A Season of Firsts: Tangled Weave

imgp9371Zach lit up, drew deep, held it tight. When it released I pulled on the air spilling from his lungs, feeling the current tickle down my throat. He grinned up at me, his left arm folded behind his head, making a pillow for it, propped so’s I could reach his mouth. Nice and easy. Soft and easy.

He let me lay on him long ways, him being bigger and taller, making me feel safe, holding the warm of his skin next to mine. The breeze that sprung up settled around us, cool in that clammy way the night had. We was running out of time so it was time we held close, close like our bodies.

Words never came easy, not for me, but Zach was hardest off, the sounds sometimes stuck inside and you could see them in his eyes or how he pursed his lips. We’d learned a code early on, making do with what Grams would call nonsense, but it built those bridges she was always going on about, touching hearts, connecting souls. When she said it, it touched you, stayed with you, stayed long enough you’d mull it over, change it up some, enough it would pop out when you most needed it.

Words like that coulda come from the Reverend, on the pulpit, droning on about life lessons and things what happened in a time and place that made no sense, had nothing to do with here, with now. Had nothing to do with Zach and me, but Grams … she had the right of it, talking on kin folk and doing what needed done in hard times and good.

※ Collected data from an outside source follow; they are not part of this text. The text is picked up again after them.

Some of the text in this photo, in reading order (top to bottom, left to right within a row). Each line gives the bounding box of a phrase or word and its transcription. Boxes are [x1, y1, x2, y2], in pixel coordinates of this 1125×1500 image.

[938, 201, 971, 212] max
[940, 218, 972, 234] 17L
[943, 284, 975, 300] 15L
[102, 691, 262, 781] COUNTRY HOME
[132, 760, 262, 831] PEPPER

“You ever seen a connecting bridge, Zach?”

He never looked at me like I was stupid for asking something like that. He thought on it, said no, inhaled and passed it to me. The rise and fall of his chest, then mine—like we was tied together, our skins glued the entire length, chest to belly to cock—seemed like what Grams might have meant. Connections.

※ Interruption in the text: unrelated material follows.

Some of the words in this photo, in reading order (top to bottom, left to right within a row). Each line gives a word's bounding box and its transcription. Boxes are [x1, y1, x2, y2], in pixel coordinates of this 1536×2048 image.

He rolled us on our sides, cushioning my head with his hand. My hair needed cut, had done so for weeks, but Ma said money was tight and she’d do it, but I begged for her to leave it be. Zach liked it shaggy and long and thick. He liked getting a grip, a real handful, and twisting it ‘til it hurt, pulling and combing his fingers through it, going harder, tighter, faster, and the closer he got, the closer I pulled him to the end, the more he hung on.

It was like I was his bridge—his connection—the thing keeping him here, tied to Earth instead of exploding and floating off into space.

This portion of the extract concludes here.